第二章 死霊術師と冒険者ギルド

第6話 死霊術師と魔よけのメダル

 春も盛りを過ぎ、多くの花が咲いては散り、たくさんの人が新たな人生の門出を踏み出した頃。この頃になると朝晩の冷え込みはすっかりとやわらいで、人々が動ける時間も長くなっていく。


 その少しだけ余裕の出来た時間で自分は魔よけのメダルを作っている。


 本来なら冬の間にコツコツと数を作って、あちこちのギルドや領主に納めるものなのだが、どうやら今年は例年以上に冒険者になりたがる者が押し寄せたようで、早々に在庫が少なくなっているらしい。


 なんでもここ最近、魔軍を退けたり古代遺跡の発見に成功したりといった冒険者の目覚ましい活躍が目立っているそうで、世情に影響されやすい若者がこぞって押し寄せてきているとのこと。


 というわけで、この街にある大霊園を管理する死霊術師協会に要請が届き、自分も魔よけのメダルの納品依頼を受けたのだ。
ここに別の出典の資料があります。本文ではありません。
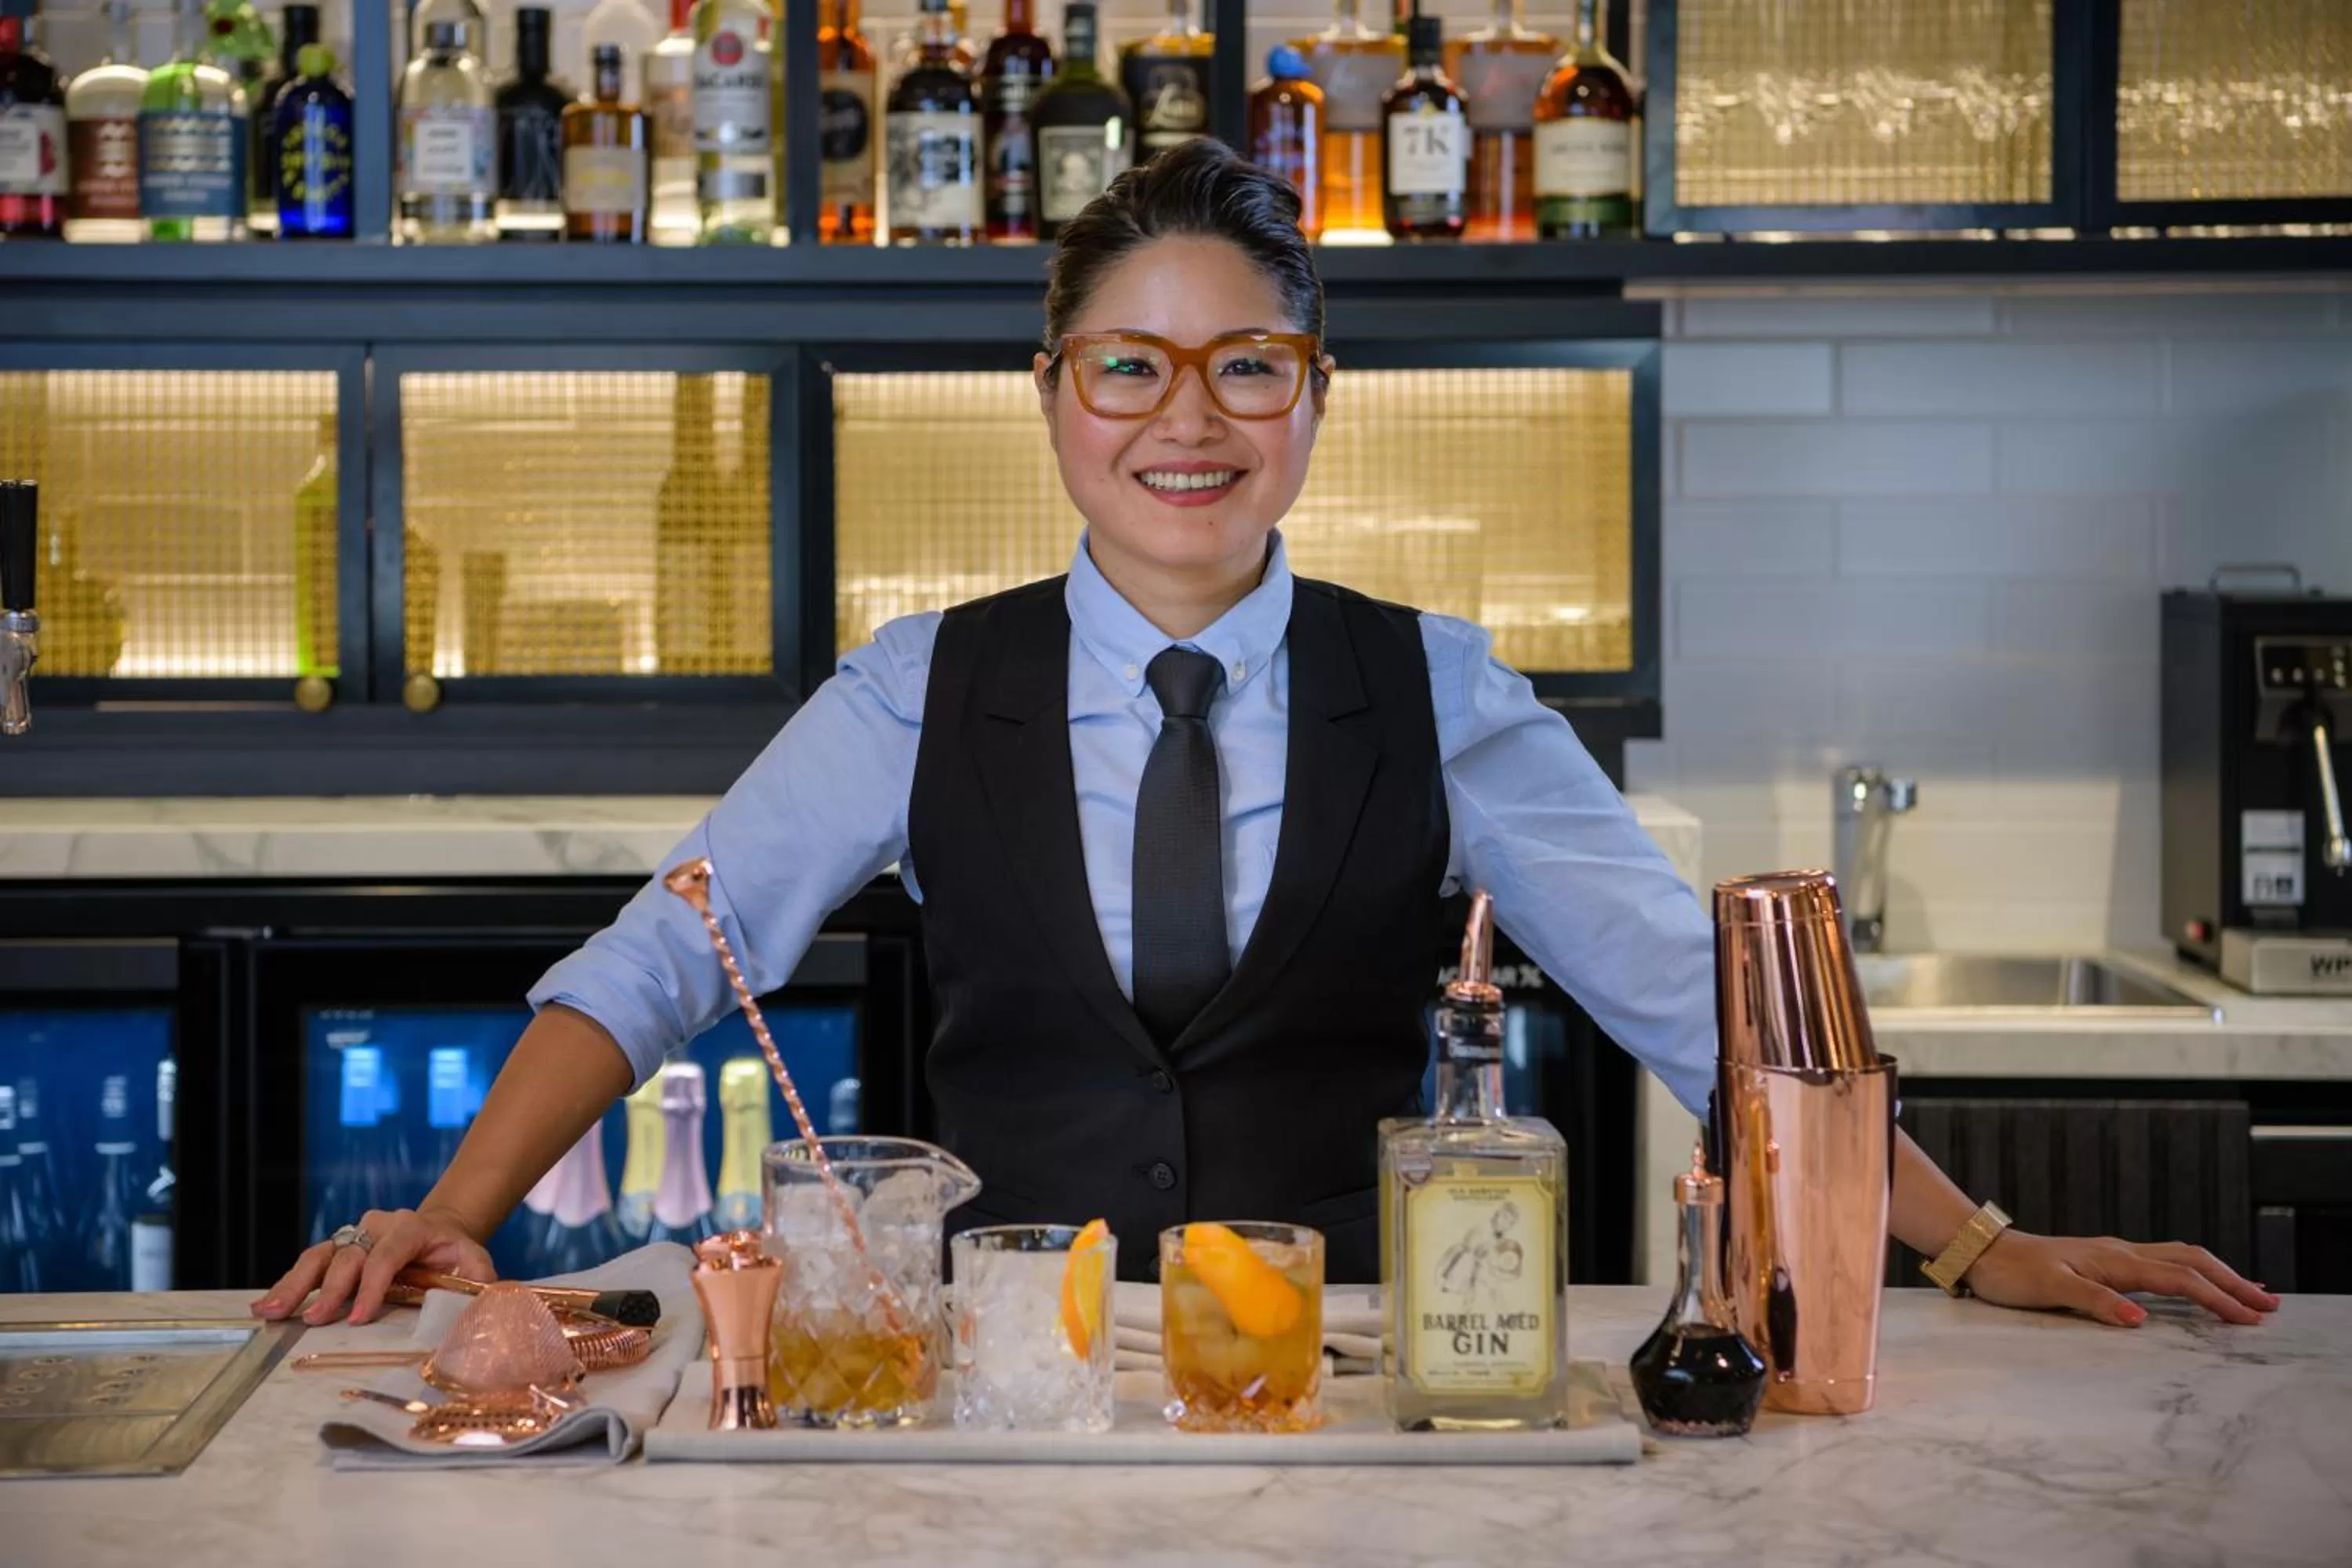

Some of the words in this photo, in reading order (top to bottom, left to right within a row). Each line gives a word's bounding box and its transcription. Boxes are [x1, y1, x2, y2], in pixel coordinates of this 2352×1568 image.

[1423, 1314, 1489, 1333] BARREL
[1496, 1312, 1541, 1331] AGED
[1453, 1333, 1509, 1356] GIN
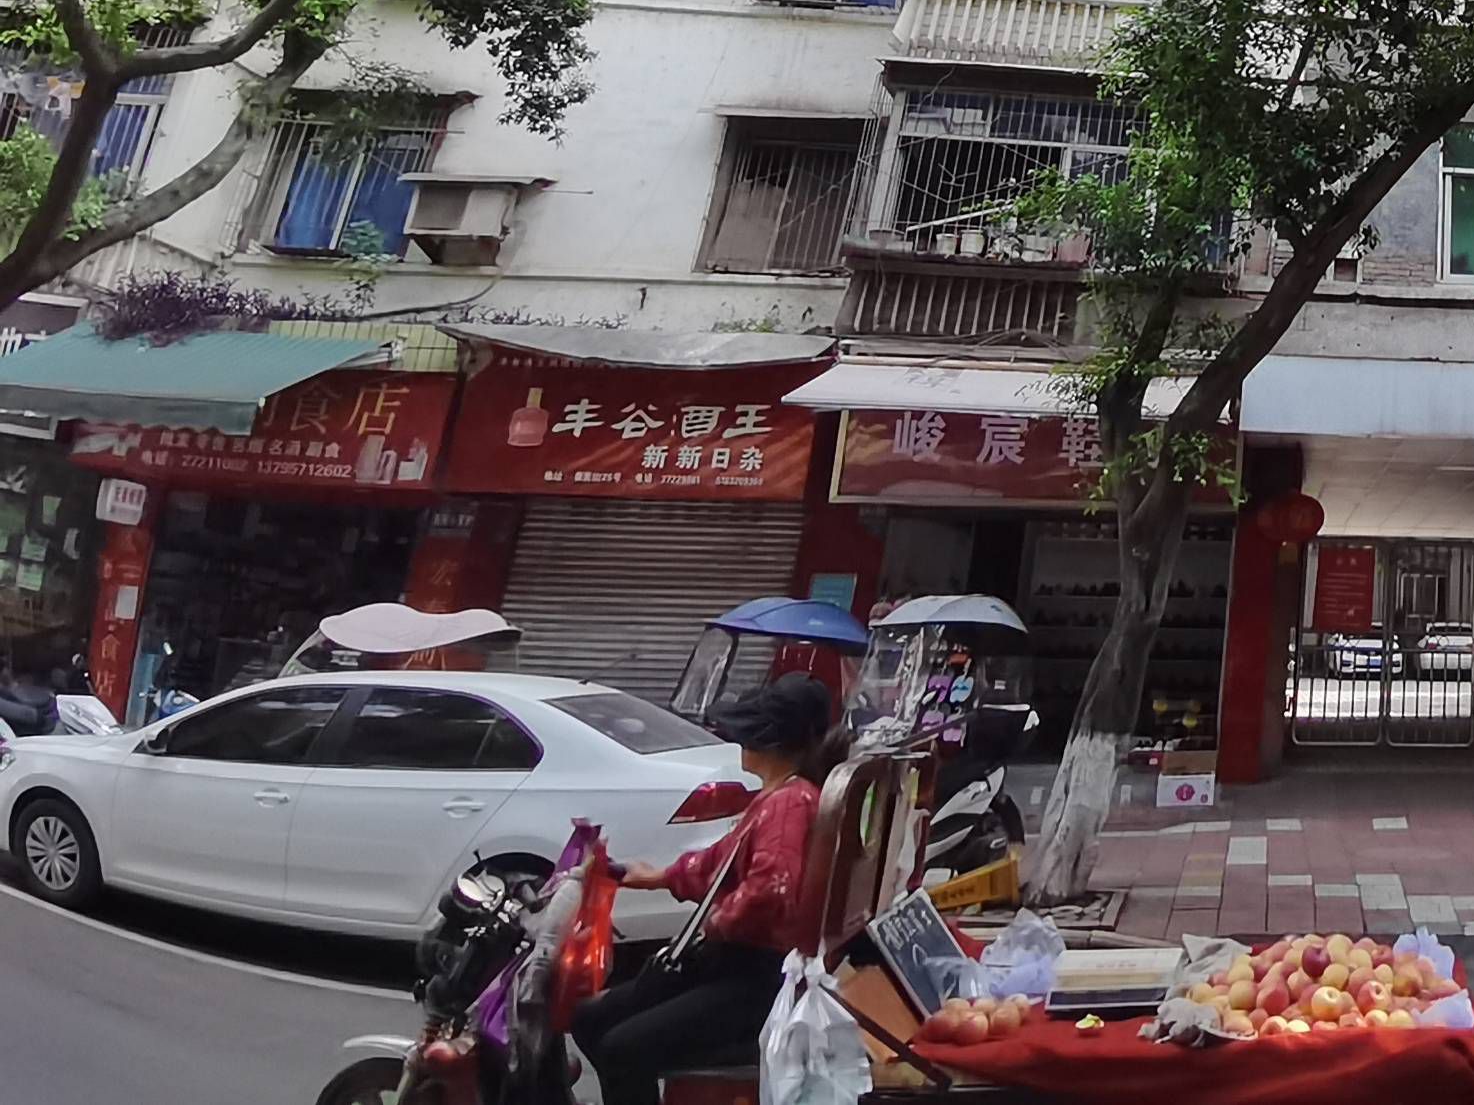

 手のひらの半分くらいの大きさの銀のメダルに、三日月と水仙とアネモネを重ねた意匠。このメダルの縁に文様を彫り込むのが自分の仕事だ。


 三日月は死と冥府の神を、水仙は神秘を、アネモネは死そのものを表わし、それを魔よけを意味する銀で出来た、メダルの縁に術式の発動キーとなる文様を一周、円になるように彫り込むことで術式陣としているのだ。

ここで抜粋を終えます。